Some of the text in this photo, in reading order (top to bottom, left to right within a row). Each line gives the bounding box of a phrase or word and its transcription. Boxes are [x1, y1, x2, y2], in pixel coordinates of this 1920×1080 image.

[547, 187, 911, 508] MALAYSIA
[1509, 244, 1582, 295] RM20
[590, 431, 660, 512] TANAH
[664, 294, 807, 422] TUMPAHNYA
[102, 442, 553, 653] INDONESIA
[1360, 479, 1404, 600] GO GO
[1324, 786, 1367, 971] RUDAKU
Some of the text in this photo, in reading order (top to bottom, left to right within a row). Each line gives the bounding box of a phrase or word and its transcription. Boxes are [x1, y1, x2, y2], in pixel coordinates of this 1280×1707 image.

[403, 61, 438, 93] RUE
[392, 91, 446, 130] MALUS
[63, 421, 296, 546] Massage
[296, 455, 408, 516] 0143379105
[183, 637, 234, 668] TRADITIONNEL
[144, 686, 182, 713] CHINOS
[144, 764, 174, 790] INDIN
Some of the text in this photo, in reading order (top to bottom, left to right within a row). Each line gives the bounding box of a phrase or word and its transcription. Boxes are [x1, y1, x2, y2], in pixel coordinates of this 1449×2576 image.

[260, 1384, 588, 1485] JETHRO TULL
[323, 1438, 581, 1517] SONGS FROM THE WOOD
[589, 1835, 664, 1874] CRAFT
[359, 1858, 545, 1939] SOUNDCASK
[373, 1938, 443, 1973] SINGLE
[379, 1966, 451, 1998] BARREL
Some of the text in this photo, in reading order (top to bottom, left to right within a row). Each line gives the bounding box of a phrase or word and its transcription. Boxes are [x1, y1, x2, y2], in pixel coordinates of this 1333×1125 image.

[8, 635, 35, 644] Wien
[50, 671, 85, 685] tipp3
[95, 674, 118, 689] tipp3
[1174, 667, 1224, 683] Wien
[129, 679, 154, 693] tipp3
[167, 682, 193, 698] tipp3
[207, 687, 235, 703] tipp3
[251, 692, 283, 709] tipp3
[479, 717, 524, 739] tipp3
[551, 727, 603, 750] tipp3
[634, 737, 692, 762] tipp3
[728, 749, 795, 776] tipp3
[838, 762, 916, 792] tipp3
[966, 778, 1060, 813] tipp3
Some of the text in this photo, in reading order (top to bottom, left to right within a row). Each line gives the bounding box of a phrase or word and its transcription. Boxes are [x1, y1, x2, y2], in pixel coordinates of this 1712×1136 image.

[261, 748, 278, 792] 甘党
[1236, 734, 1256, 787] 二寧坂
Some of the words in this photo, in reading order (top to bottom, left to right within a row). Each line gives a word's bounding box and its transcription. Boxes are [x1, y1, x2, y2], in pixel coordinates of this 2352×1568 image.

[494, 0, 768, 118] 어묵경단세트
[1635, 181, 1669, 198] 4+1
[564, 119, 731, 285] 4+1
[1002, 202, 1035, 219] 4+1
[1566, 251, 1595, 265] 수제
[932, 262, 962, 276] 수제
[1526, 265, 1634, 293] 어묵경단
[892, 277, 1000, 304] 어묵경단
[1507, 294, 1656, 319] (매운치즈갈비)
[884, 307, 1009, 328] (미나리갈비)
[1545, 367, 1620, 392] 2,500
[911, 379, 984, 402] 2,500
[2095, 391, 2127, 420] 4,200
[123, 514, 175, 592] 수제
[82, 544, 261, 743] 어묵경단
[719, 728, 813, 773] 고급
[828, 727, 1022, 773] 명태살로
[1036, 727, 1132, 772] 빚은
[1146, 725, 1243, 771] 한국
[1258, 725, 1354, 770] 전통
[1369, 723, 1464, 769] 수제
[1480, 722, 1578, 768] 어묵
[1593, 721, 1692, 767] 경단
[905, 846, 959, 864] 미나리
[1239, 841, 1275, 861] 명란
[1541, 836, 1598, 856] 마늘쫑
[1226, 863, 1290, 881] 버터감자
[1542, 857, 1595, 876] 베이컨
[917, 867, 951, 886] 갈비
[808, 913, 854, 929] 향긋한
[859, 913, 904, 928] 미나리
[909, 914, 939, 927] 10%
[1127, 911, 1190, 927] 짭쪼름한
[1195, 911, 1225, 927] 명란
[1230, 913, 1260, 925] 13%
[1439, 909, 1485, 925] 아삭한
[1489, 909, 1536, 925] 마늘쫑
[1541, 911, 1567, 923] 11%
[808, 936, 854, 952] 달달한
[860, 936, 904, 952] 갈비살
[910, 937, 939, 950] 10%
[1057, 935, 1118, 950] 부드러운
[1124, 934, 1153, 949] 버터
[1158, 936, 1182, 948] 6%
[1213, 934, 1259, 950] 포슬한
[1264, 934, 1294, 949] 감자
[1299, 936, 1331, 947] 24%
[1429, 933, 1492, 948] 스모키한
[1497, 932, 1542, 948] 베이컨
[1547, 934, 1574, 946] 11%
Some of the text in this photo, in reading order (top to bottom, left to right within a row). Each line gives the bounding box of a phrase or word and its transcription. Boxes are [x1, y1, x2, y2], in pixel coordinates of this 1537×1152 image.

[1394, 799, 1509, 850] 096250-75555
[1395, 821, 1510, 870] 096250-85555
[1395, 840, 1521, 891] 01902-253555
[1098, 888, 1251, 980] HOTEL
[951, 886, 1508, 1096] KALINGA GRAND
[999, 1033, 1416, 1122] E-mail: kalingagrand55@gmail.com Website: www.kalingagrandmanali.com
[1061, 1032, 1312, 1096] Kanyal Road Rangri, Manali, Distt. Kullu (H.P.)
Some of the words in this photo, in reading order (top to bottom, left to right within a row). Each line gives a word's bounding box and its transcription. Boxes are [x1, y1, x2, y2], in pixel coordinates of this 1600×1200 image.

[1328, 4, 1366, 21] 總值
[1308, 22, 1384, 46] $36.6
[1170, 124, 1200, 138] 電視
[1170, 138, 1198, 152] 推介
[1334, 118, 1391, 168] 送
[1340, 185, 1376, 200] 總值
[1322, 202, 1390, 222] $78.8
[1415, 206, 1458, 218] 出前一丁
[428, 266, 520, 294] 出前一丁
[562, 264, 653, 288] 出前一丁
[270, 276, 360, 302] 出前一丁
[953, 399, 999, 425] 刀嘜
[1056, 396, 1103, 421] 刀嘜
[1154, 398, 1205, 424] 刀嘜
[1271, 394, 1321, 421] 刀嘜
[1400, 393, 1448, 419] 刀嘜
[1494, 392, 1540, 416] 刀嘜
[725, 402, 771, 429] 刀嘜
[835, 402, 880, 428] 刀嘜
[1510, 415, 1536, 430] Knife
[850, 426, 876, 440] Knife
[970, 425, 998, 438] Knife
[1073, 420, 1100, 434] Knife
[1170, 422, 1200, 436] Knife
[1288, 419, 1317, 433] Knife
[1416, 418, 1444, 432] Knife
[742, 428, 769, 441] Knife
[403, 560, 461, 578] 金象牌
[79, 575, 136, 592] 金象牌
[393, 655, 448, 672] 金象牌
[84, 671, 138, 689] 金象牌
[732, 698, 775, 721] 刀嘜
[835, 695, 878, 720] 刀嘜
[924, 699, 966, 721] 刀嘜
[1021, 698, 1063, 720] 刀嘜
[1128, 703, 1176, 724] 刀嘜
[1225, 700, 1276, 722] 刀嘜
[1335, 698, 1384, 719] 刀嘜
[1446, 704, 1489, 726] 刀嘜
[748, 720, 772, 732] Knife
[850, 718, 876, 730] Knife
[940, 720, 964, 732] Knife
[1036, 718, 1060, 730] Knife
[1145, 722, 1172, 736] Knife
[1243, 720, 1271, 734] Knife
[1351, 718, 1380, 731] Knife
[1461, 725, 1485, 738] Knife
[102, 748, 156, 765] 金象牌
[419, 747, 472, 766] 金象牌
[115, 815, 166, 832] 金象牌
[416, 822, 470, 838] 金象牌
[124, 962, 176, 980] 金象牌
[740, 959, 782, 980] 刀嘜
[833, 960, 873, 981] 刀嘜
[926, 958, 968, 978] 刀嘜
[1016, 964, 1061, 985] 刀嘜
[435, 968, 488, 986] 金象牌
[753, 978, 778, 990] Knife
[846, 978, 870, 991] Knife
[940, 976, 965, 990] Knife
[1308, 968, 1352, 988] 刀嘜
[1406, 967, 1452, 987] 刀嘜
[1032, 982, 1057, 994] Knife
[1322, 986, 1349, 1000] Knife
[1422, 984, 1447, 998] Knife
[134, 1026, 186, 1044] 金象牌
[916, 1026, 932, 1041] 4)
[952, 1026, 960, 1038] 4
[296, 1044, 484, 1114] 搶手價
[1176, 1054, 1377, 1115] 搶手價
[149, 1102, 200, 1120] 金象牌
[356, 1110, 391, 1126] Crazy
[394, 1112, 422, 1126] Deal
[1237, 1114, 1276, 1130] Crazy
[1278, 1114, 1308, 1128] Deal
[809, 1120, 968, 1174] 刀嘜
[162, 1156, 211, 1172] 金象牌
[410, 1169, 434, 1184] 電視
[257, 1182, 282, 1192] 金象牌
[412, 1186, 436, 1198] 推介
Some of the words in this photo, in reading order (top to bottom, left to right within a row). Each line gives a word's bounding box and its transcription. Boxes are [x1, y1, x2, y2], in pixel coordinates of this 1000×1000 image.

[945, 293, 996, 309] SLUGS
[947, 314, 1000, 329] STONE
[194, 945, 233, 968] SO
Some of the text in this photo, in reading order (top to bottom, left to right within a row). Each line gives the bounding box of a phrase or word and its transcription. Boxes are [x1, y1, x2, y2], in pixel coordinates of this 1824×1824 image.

================

Work order →
Which lines run from the one containing "this 1000×1000 image." to the end of the records? Transcribe exactly those, both ends included.

Solution for this problem →
Some of the words in this photo, in reading order (top to bottom, left to right within a row). Each line gives a word's bounding box and its transcription. Boxes are [x1, y1, x2, y2], in pixel coordinates of this 1000×1000 image.

[945, 293, 996, 309] SLUGS
[947, 314, 1000, 329] STONE
[194, 945, 233, 968] SO
Some of the text in this photo, in reading order (top to bottom, left to right within a row). Each line gives the bounding box of a phrase or word and its transcription. Boxes are [x1, y1, x2, y2], in pixel coordinates of this 1824×1824 image.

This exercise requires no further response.